What you need to do =
Drop all images. Then write out each line below exactly as given.

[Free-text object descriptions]
------------------------------------------------------------
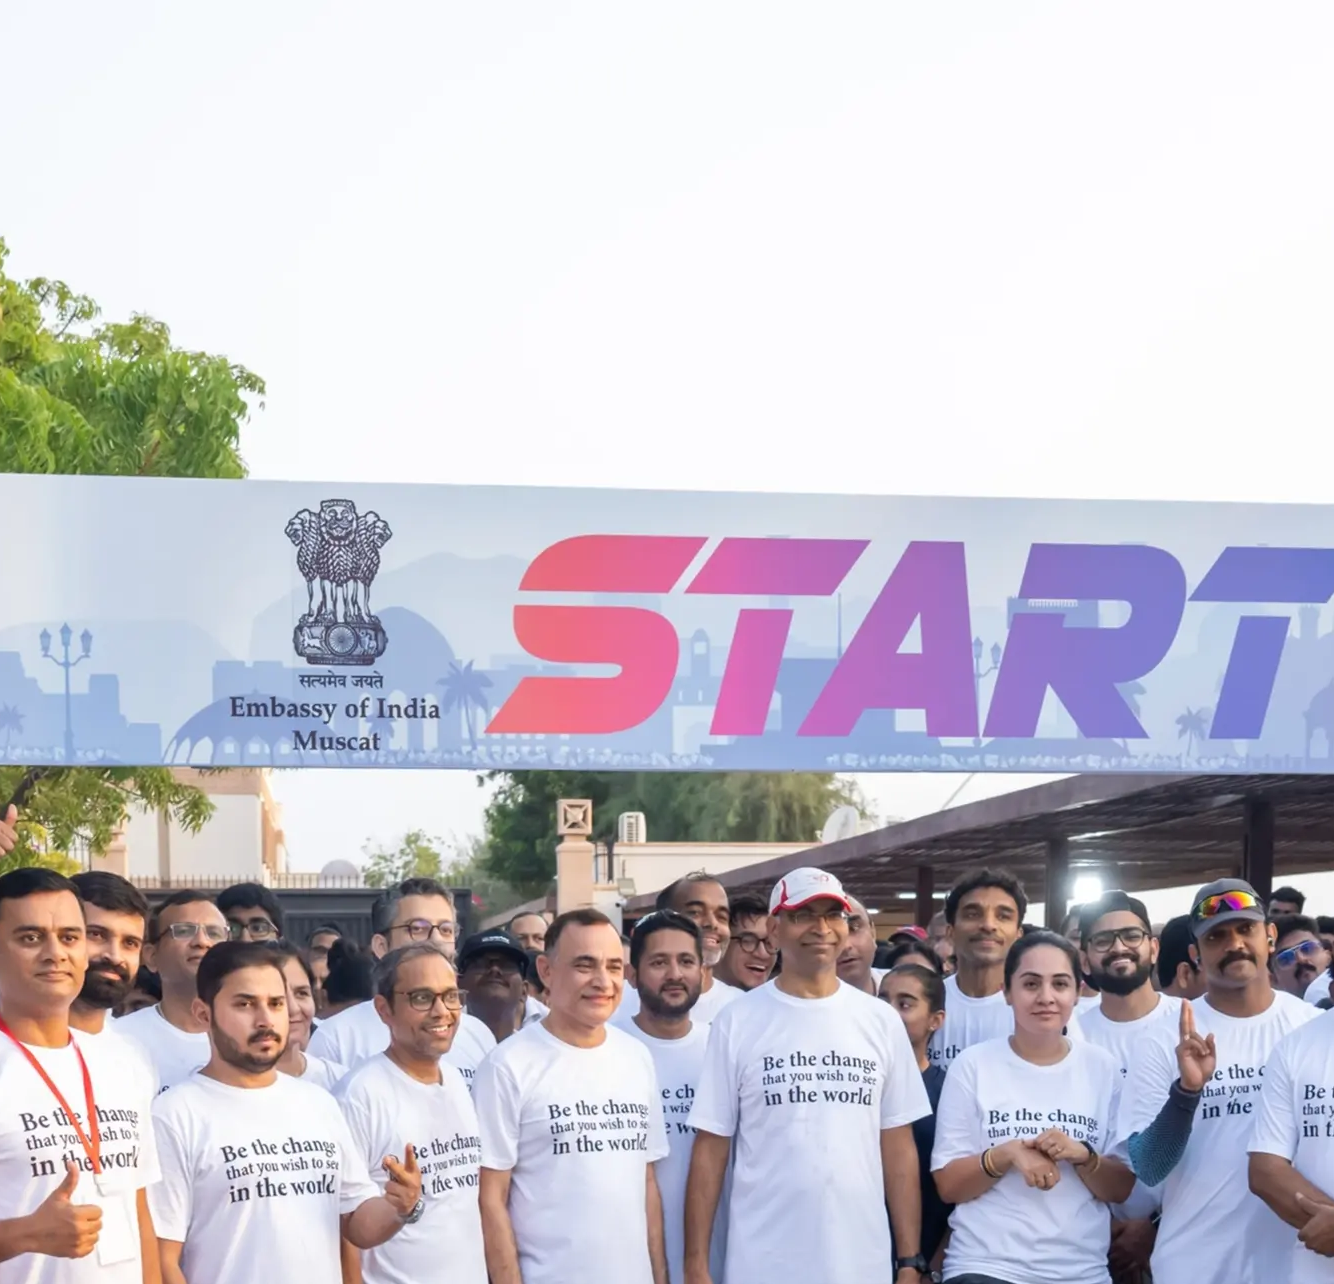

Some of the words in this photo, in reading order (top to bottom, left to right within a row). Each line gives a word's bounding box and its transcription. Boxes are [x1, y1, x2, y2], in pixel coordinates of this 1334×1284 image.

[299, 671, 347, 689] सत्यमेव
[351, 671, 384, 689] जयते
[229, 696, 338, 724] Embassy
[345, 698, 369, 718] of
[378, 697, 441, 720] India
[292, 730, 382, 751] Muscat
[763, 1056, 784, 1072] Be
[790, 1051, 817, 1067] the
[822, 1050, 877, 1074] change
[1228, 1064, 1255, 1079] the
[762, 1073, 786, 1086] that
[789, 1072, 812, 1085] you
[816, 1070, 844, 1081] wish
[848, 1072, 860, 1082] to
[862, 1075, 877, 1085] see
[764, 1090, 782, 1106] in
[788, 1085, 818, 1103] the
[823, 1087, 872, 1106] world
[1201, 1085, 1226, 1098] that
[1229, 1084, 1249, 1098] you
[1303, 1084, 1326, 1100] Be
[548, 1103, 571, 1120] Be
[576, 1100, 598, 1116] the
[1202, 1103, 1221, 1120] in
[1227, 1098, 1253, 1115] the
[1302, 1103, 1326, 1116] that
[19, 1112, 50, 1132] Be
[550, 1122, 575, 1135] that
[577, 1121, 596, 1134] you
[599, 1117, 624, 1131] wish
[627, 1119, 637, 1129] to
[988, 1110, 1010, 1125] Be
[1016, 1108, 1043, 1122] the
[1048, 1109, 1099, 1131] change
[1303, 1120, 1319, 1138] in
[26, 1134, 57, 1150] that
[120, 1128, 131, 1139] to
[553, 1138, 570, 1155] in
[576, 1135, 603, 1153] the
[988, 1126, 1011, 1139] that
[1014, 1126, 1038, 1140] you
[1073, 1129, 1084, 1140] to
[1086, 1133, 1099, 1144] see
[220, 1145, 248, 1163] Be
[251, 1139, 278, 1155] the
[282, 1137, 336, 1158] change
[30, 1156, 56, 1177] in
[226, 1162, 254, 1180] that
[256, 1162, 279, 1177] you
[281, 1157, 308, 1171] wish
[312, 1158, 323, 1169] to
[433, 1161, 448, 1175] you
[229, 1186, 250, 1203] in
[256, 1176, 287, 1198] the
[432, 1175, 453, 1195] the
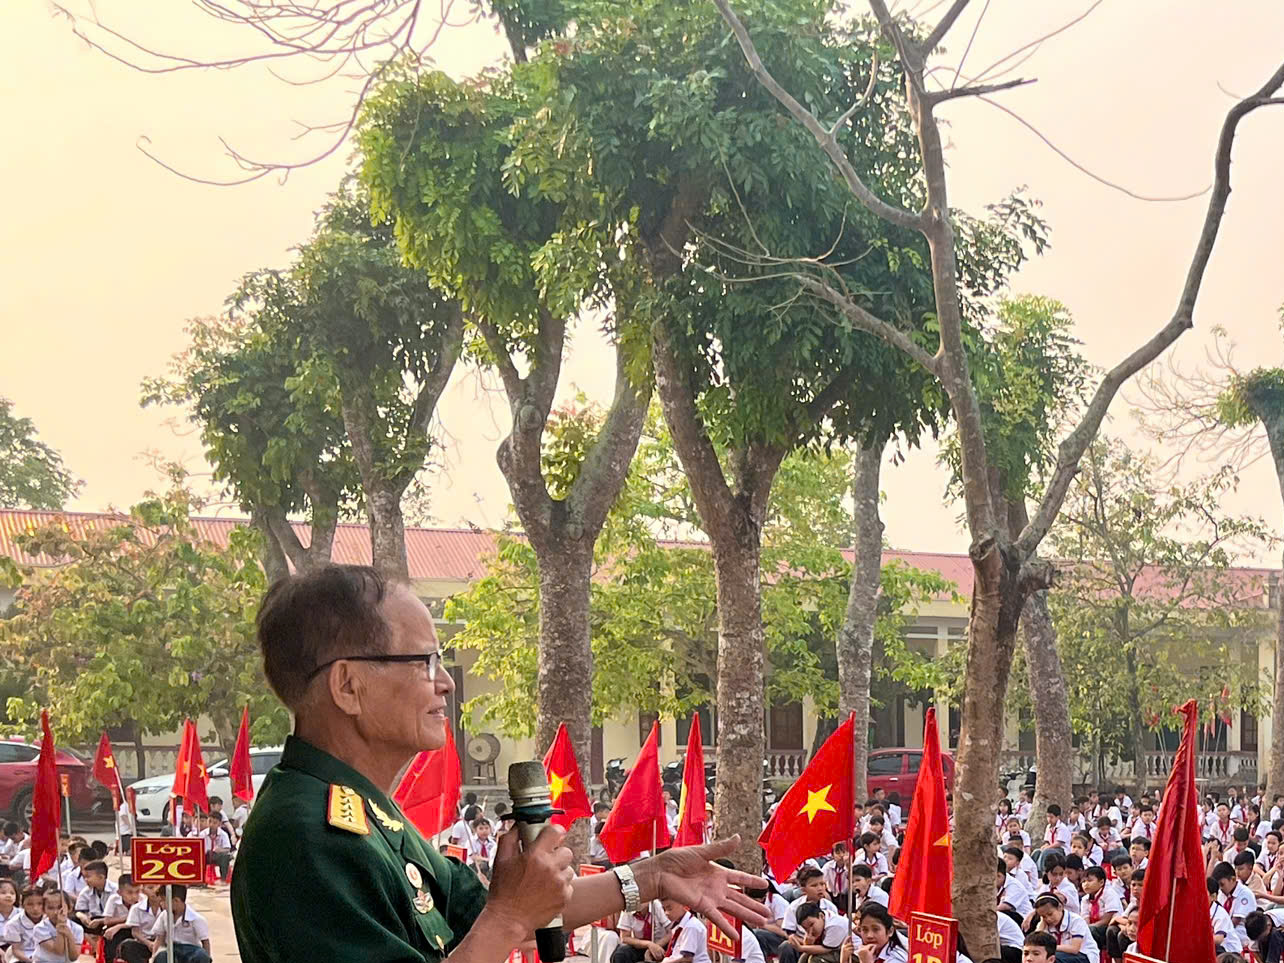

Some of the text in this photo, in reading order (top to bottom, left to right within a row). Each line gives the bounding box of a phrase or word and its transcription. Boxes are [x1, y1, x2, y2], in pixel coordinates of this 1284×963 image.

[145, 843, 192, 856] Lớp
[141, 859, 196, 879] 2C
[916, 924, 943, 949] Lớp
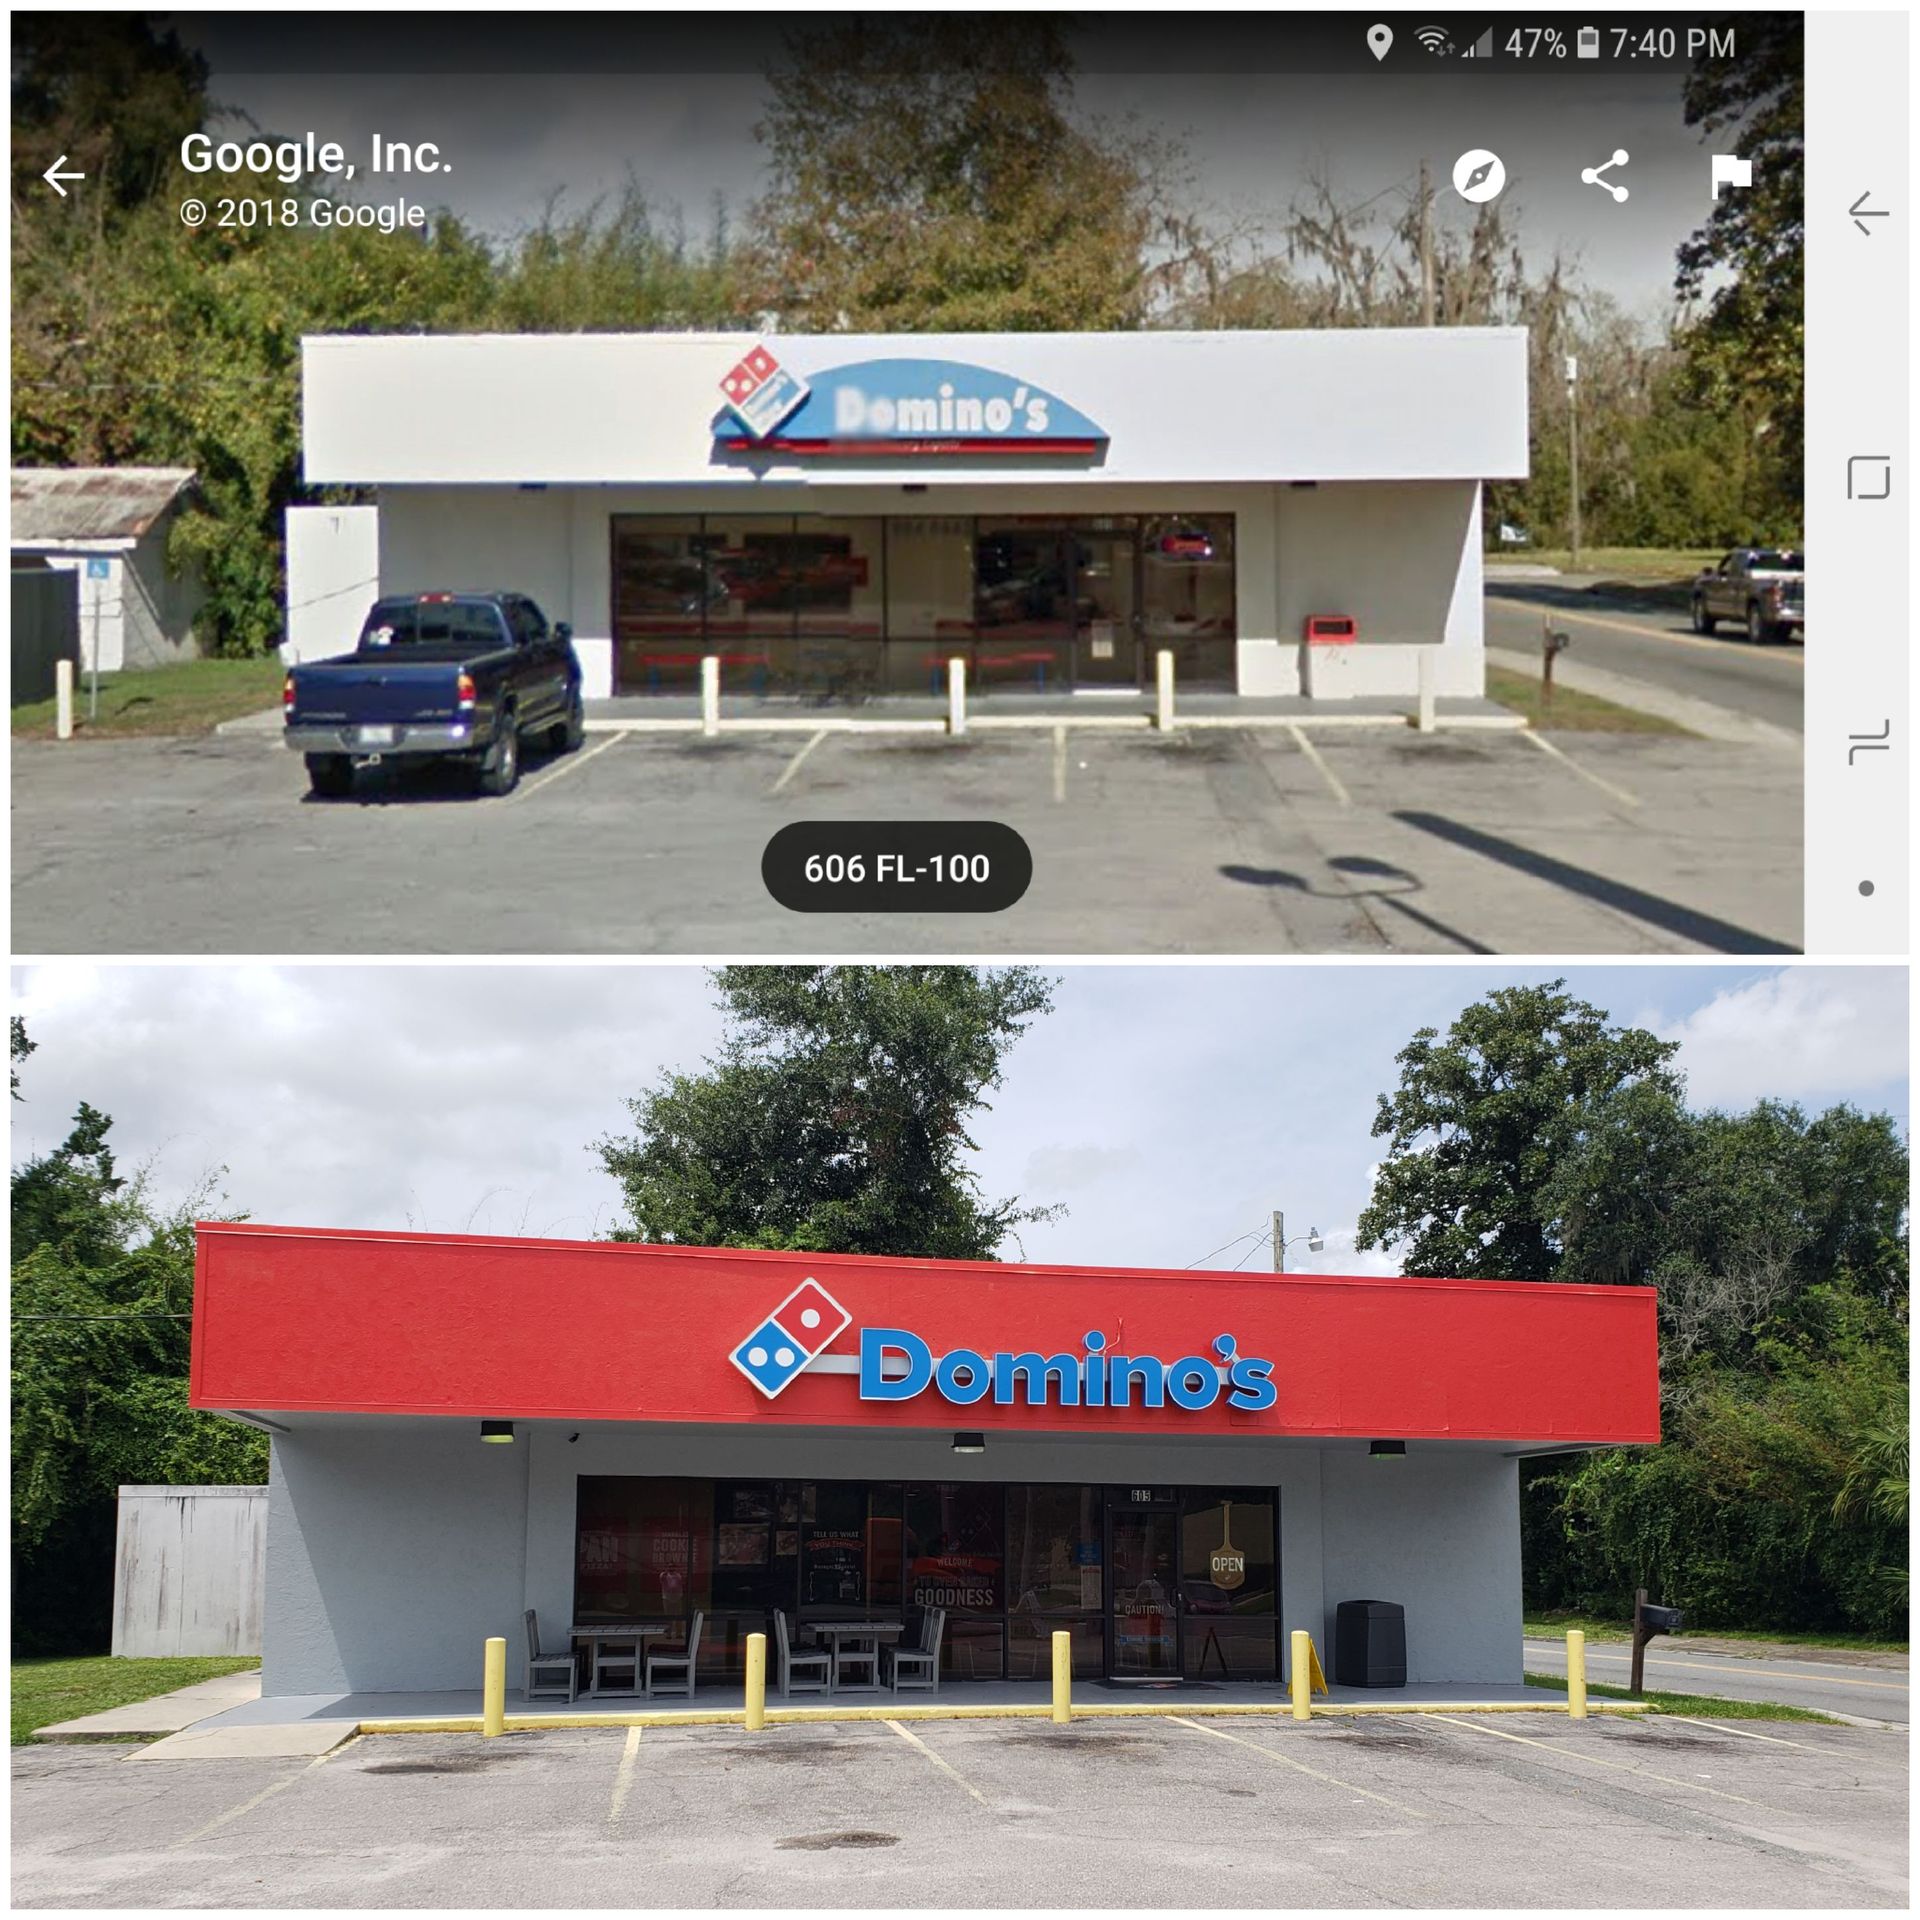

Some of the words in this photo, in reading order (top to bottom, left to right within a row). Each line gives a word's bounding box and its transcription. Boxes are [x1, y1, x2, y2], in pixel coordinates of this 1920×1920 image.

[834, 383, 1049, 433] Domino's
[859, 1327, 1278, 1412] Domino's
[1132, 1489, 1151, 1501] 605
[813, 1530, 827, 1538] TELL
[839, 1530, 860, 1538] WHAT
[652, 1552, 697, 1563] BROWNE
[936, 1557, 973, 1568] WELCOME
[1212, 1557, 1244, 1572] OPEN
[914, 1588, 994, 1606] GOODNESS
------------------------------------------------------------
Answer for the task =
Some of the words in this photo, in reading order (top to bottom, left to right within a row). Each line gives a word's bounding box and its transcription. Boxes are [x1, y1, x2, y2], in pixel coordinates of this 1334×1284 image.

[299, 671, 347, 689] सत्यमेव
[351, 671, 384, 689] जयते
[229, 696, 338, 724] Embassy
[345, 698, 369, 718] of
[378, 697, 441, 720] India
[292, 730, 382, 751] Muscat
[763, 1056, 784, 1072] Be
[790, 1051, 817, 1067] the
[822, 1050, 877, 1074] change
[1228, 1064, 1255, 1079] the
[762, 1073, 786, 1086] that
[789, 1072, 812, 1085] you
[816, 1070, 844, 1081] wish
[848, 1072, 860, 1082] to
[862, 1075, 877, 1085] see
[764, 1090, 782, 1106] in
[788, 1085, 818, 1103] the
[823, 1087, 872, 1106] world
[1201, 1085, 1226, 1098] that
[1229, 1084, 1249, 1098] you
[1303, 1084, 1326, 1100] Be
[548, 1103, 571, 1120] Be
[576, 1100, 598, 1116] the
[1202, 1103, 1221, 1120] in
[1227, 1098, 1253, 1115] the
[1302, 1103, 1326, 1116] that
[19, 1112, 50, 1132] Be
[550, 1122, 575, 1135] that
[577, 1121, 596, 1134] you
[599, 1117, 624, 1131] wish
[627, 1119, 637, 1129] to
[988, 1110, 1010, 1125] Be
[1016, 1108, 1043, 1122] the
[1048, 1109, 1099, 1131] change
[1303, 1120, 1319, 1138] in
[26, 1134, 57, 1150] that
[120, 1128, 131, 1139] to
[553, 1138, 570, 1155] in
[576, 1135, 603, 1153] the
[988, 1126, 1011, 1139] that
[1014, 1126, 1038, 1140] you
[1073, 1129, 1084, 1140] to
[1086, 1133, 1099, 1144] see
[220, 1145, 248, 1163] Be
[251, 1139, 278, 1155] the
[282, 1137, 336, 1158] change
[30, 1156, 56, 1177] in
[226, 1162, 254, 1180] that
[256, 1162, 279, 1177] you
[281, 1157, 308, 1171] wish
[312, 1158, 323, 1169] to
[433, 1161, 448, 1175] you
[229, 1186, 250, 1203] in
[256, 1176, 287, 1198] the
[432, 1175, 453, 1195] the

Some of the text in this photo, in reading order (top to bottom, left to right within a row). Each line gives the bounding box of a phrase or word and its transcription. Boxes are [x1, y1, x2, y2], in pixel coordinates of this 1284×963 image.

[145, 843, 192, 856] Lớp
[141, 859, 196, 879] 2C
[916, 924, 943, 949] Lớp

Some of the words in this photo, in reading order (top to bottom, left to right within a row). Each line gives a word's bounding box and its transcription. Boxes are [x1, y1, x2, y2], in pixel coordinates of this 1920×1920 image.

[834, 383, 1049, 433] Domino's
[859, 1327, 1278, 1412] Domino's
[1132, 1489, 1151, 1501] 605
[813, 1530, 827, 1538] TELL
[839, 1530, 860, 1538] WHAT
[652, 1552, 697, 1563] BROWNE
[936, 1557, 973, 1568] WELCOME
[1212, 1557, 1244, 1572] OPEN
[914, 1588, 994, 1606] GOODNESS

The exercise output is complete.